What this task involves:
Write the records below out again word for word, with the pictures removed.

Source data:
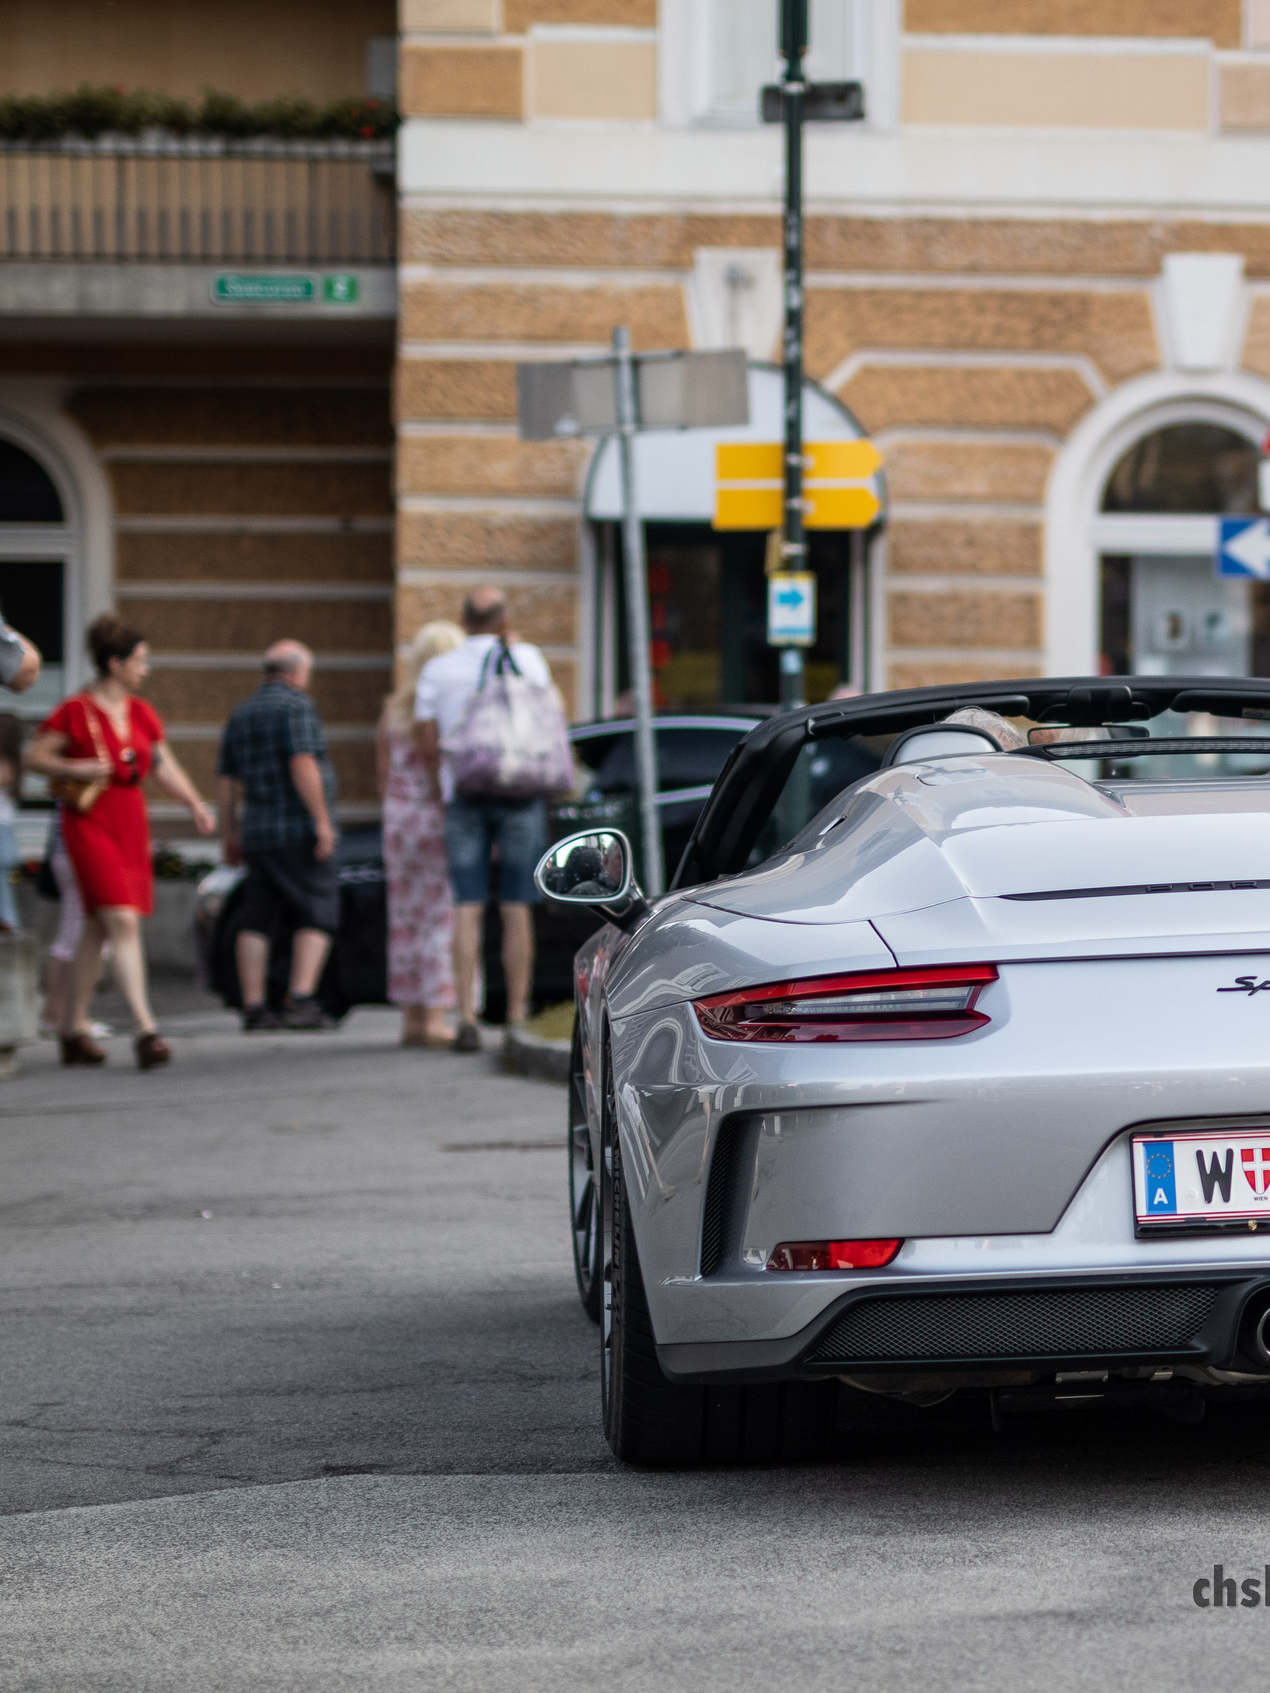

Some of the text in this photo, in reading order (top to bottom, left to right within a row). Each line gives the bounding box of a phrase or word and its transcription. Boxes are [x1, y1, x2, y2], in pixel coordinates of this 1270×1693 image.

[1153, 1188, 1168, 1205] A
[1195, 1148, 1235, 1203] W
[613, 1149, 621, 1269] MICHELIN
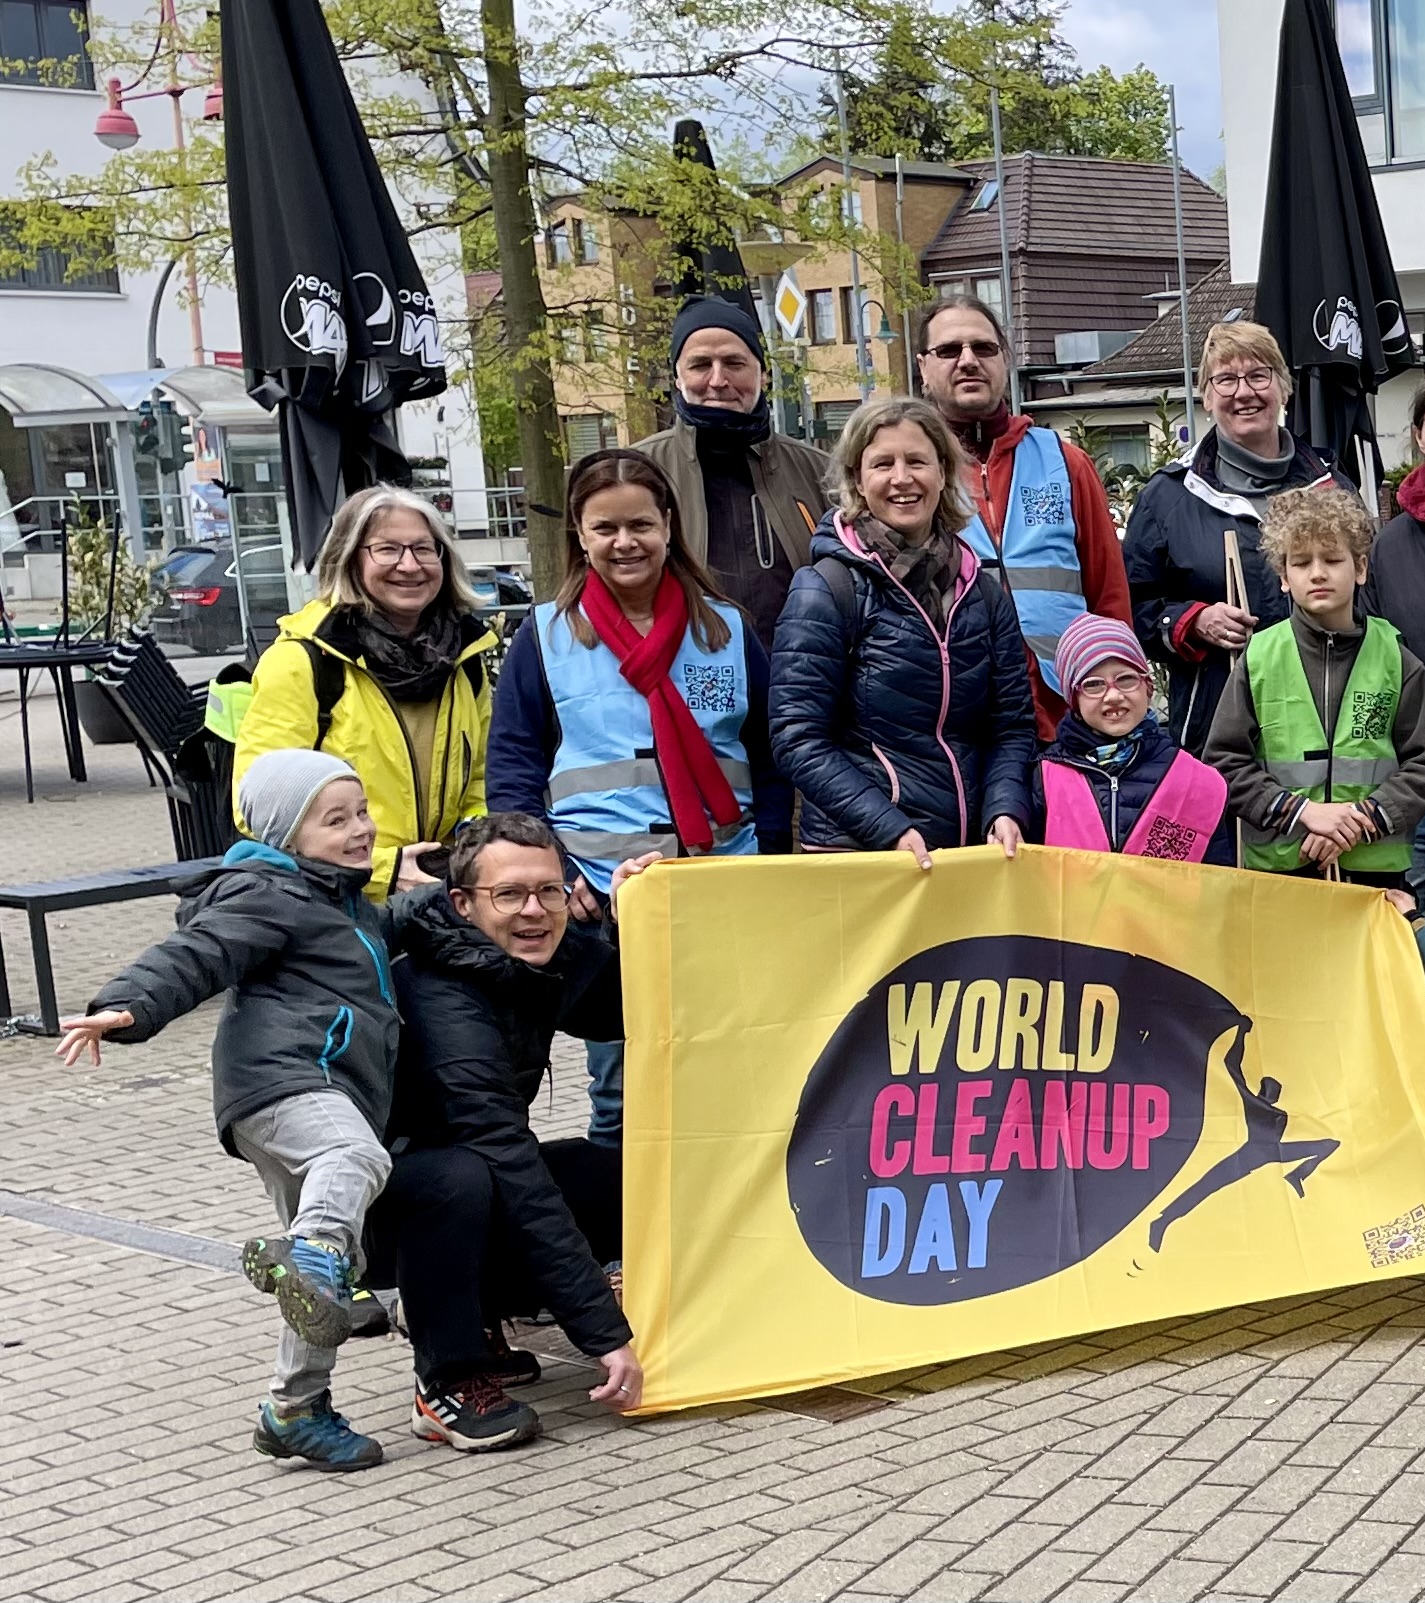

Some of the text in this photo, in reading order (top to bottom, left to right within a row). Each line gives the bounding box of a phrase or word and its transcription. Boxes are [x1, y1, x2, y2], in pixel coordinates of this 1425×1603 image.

[887, 978, 1120, 1076] WORLD
[869, 1078, 1170, 1178] CLEANUP
[861, 1179, 1004, 1278] DAY
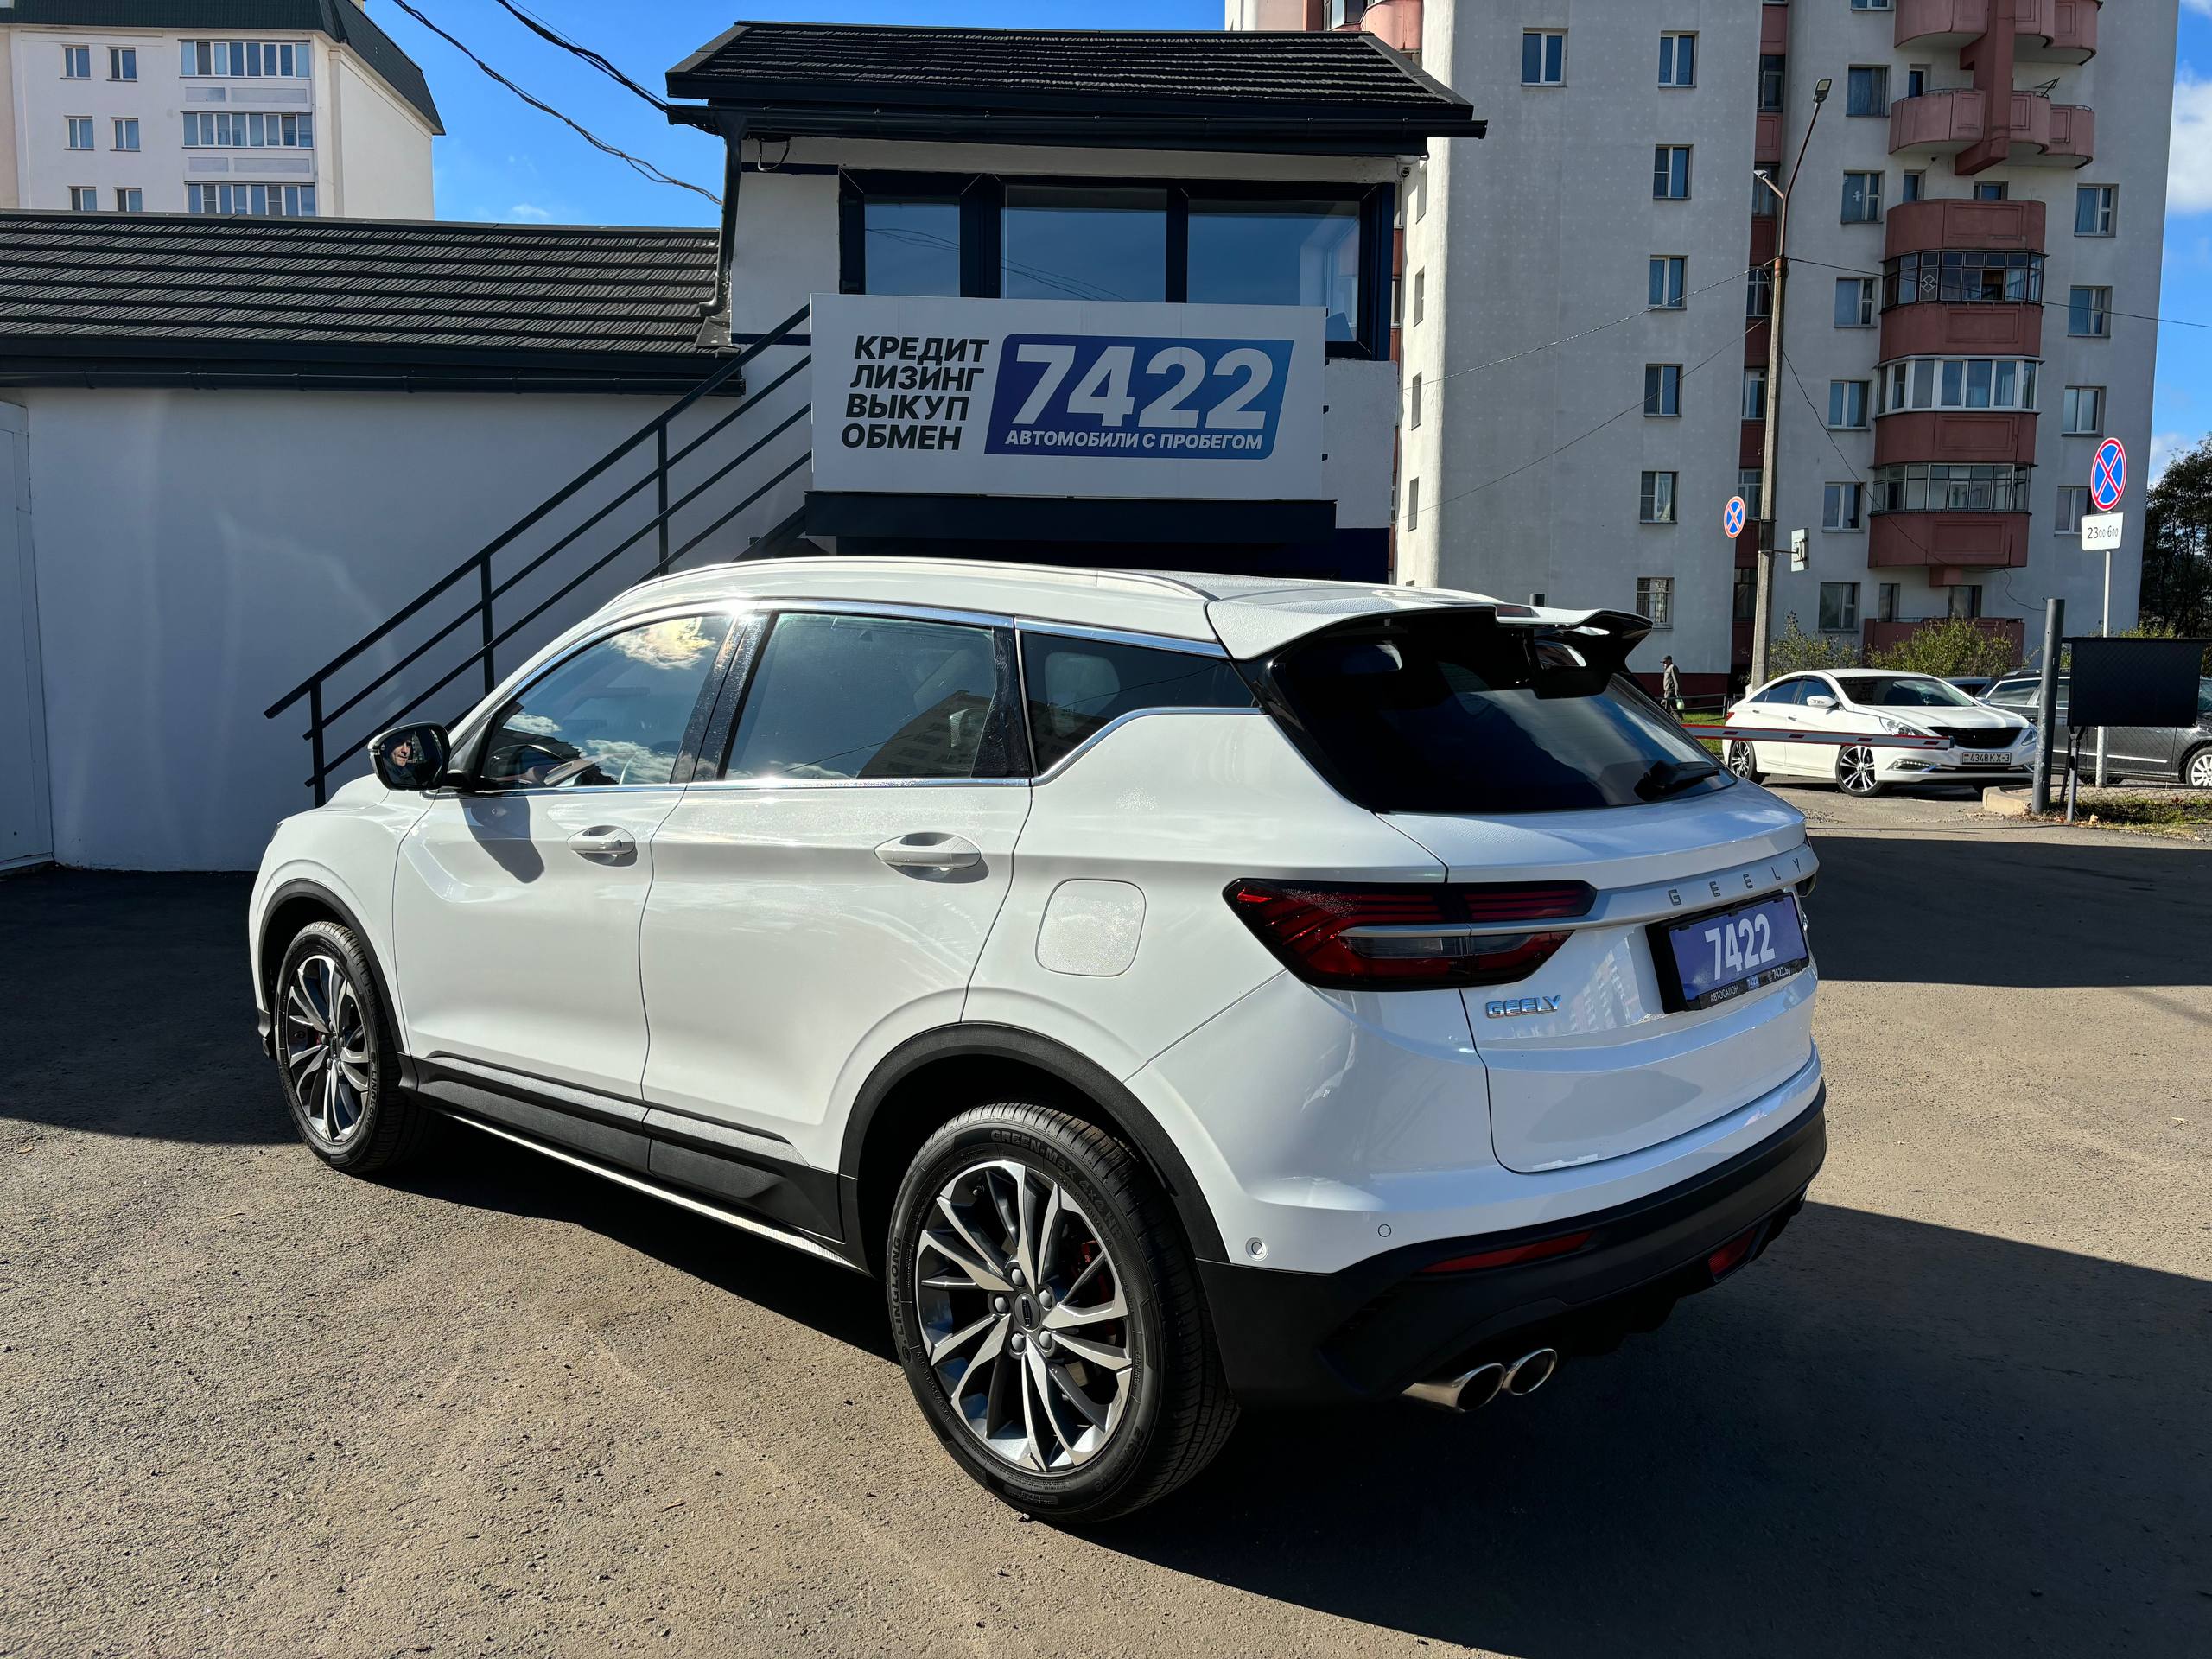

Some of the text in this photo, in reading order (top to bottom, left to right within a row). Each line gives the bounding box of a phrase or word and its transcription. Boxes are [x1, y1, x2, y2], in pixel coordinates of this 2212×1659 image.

Result:
Some of the text in this photo, in reading order (top to bottom, left to right within a row). Each line gives the bounding box of a phrase or word and its transcription. Boxes are [x1, y1, x2, y2], in pixel coordinates of this 1270×1693 image.

[1153, 1188, 1168, 1205] A
[1195, 1148, 1235, 1203] W
[613, 1149, 621, 1269] MICHELIN

Some of the text in this photo, in reading order (top to bottom, left to right within a row). Each line gives the bounding box of a phrase or word and its transcription. Boxes are [x1, y1, x2, y2], in pixel coordinates of this 1425×1603 image.

[887, 978, 1120, 1076] WORLD
[869, 1078, 1170, 1178] CLEANUP
[861, 1179, 1004, 1278] DAY

Some of the text in this photo, in reading order (top to bottom, left to right within a row). Each line gives the bounding box of a phrase or word and its transcription. Boxes are [x1, y1, x2, y2], in pixel coordinates of this 2212×1659 image.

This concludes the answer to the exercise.